The cover of today’s New York Times Science Times section carries two stories, a feature and a column, concerning the ultimate limitation of science: that it can tell us what our options are (or might be) in the face of certain problems, but not which one to exercise. Where the reporter understands full well that she is writing about ethical choices, however, the columnist, seemingly, does not.

Cornelia Dean’s lead story, about the ethical dilemmas involved in implementing, and even studying, “geoengineering” strategies to mitigate global warming, is an excellent example of covering the morality angle in science journalism. John Tierney’s column calling for the legalization of doping in sports, on the other hand, is an example of a piece that misses a beat. It’s not Tierney’s position that bothers, but his failure to lay bare the ethical rationale behind his argument in way that would be helpful to readers.

In June, I wrote about how journalists must cover the moral questions revolving around what to do (or not do) about climate change. Science journalists are responsible for explaining how science informs the decision-making process, but also for delineating where objective reasoning ends and subjective answers begin.

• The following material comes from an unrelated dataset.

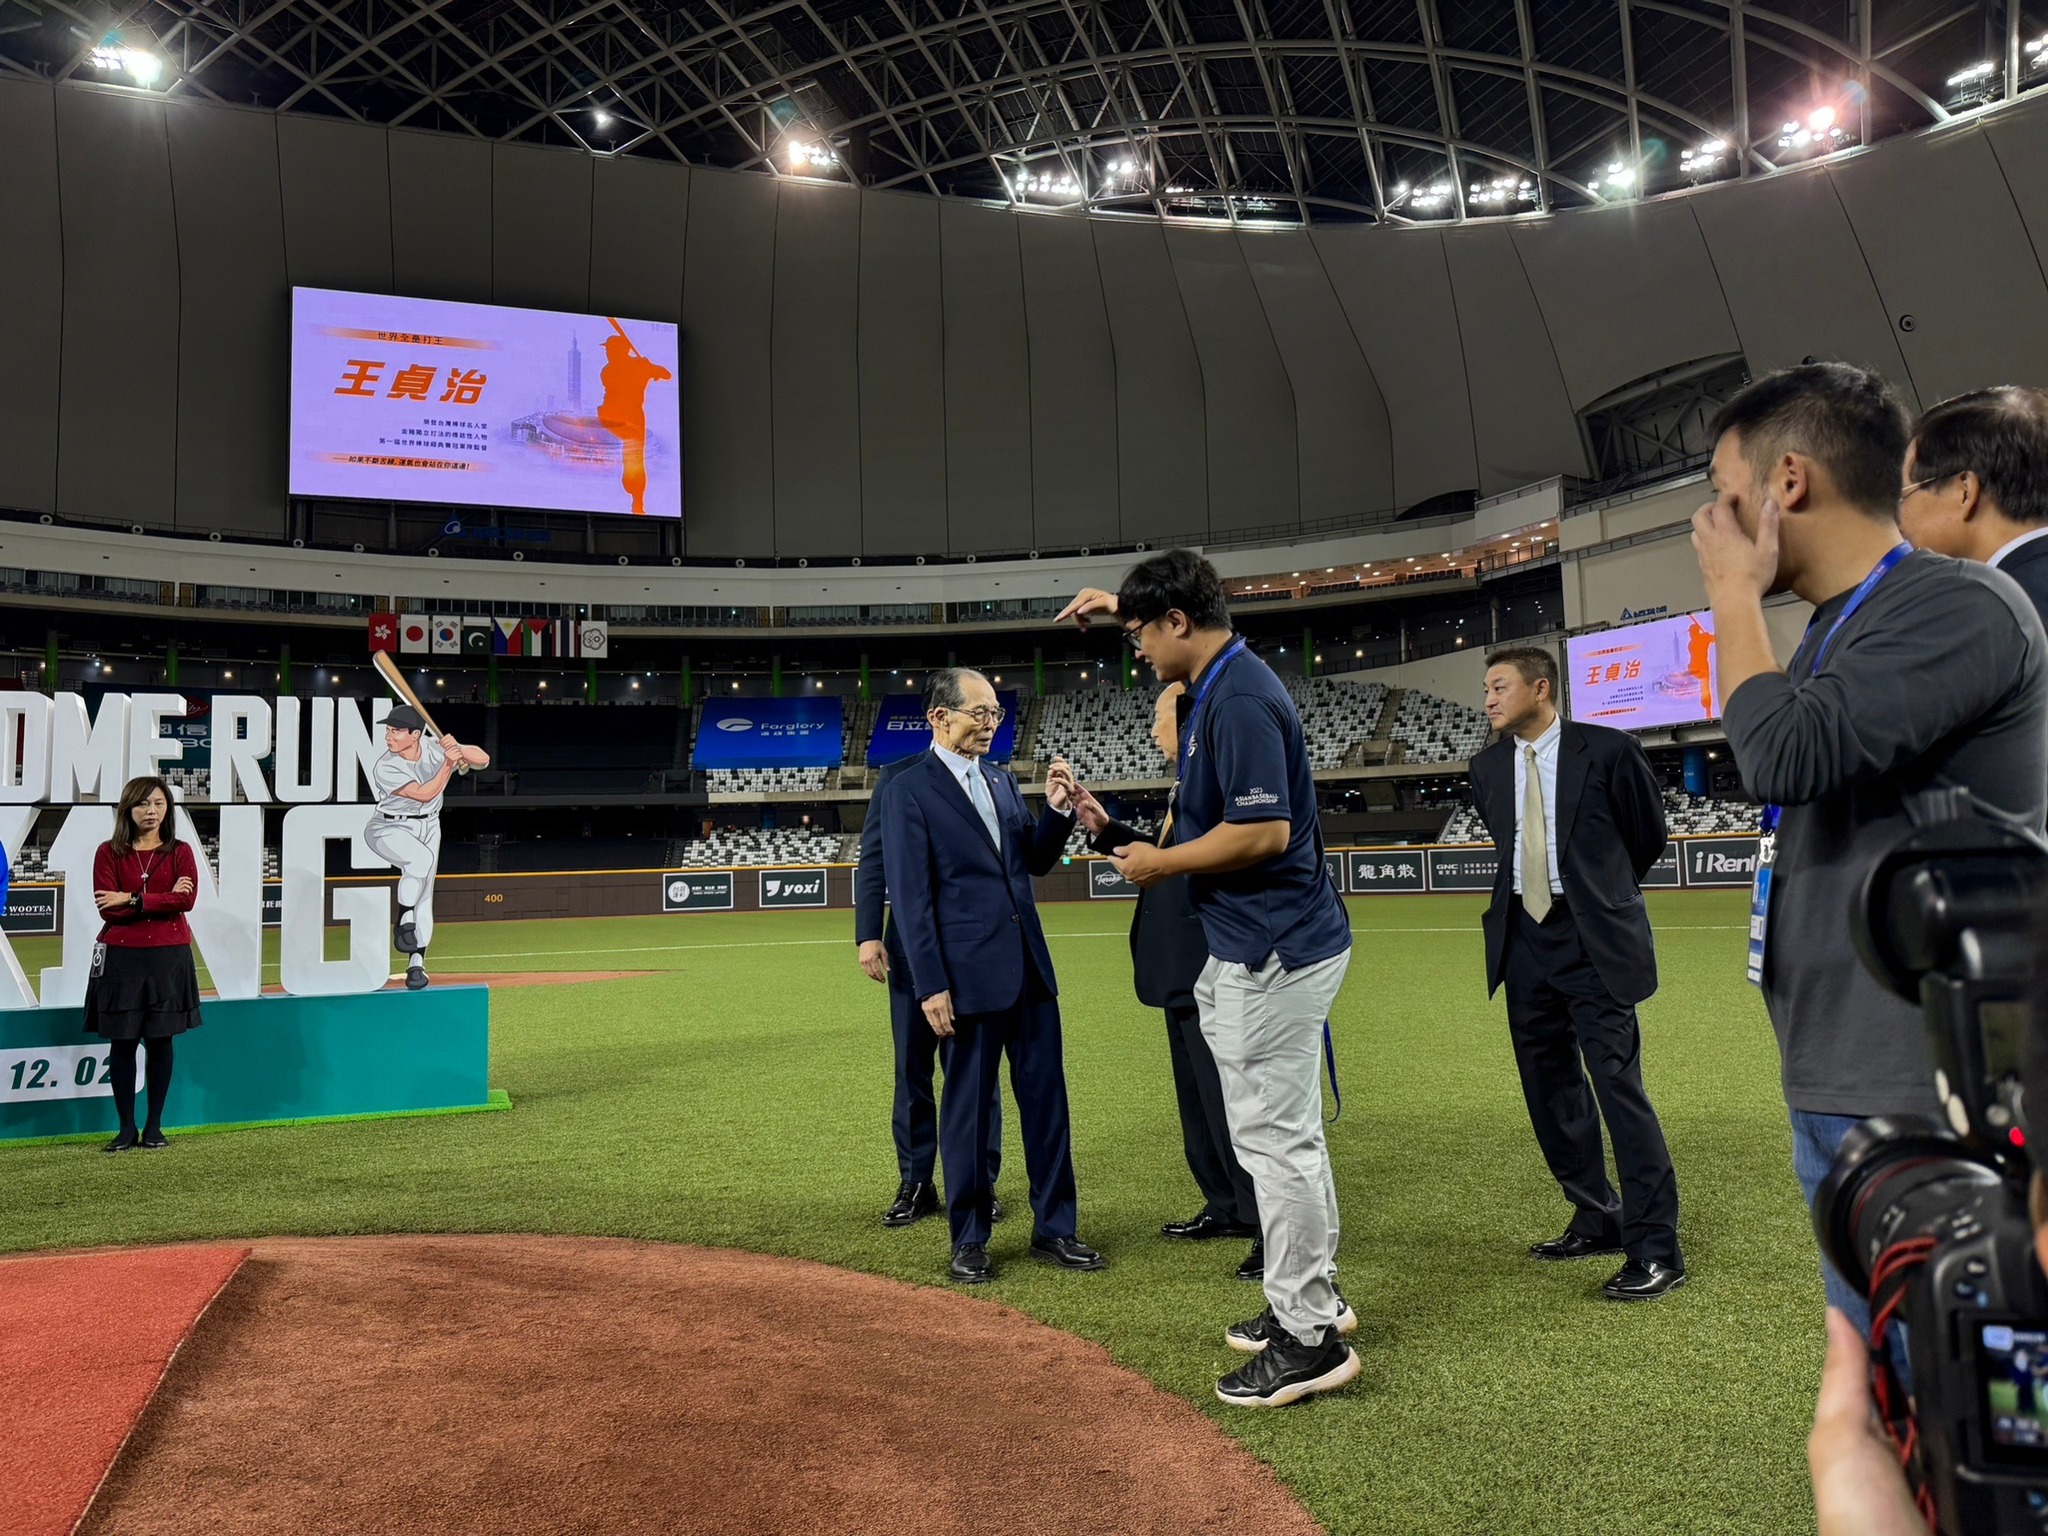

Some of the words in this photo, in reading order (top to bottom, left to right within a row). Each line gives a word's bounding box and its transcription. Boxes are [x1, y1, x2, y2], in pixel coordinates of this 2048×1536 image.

Dean’s feature fulfills this charge. Rather than going through the technical aspects of geoengineering strategies like launching sun-reflecting mirrors into space, her article focuses on the ethical implications of such technologies:

Ethical and philosophical issues have long occupied biotechnology, where institutional review boards commonly rule on proposed experiments and advisory committees must approve the use of gene-splicing and related techniques…

But such questions are relatively new for scientists and engineers in other fields. Some are calling for the same kinds of discussion that microbiologists organized in 1975 when the immense power of emerging knowledge of gene-splicing or recombinant DNA began to dawn on them.

As Dean observes, every geoengineering scheme so far envisioned “would inevitably produce environmental effects impossible to predict and impossible to undo.” The real question, then, involves the levels and types of risk are we willing to assume given different sets of circumstances and degrees of scientific uncertainty. Journalists need to explain and account for those variables in a variety of scenarios. Given a 50 percent chance of a one-foot rise in sea level by 2099, for example, is the public willing to take a 50 percent chance of precipitating an uncontrollable algal bloom in the oceans by fertilizing them with iron?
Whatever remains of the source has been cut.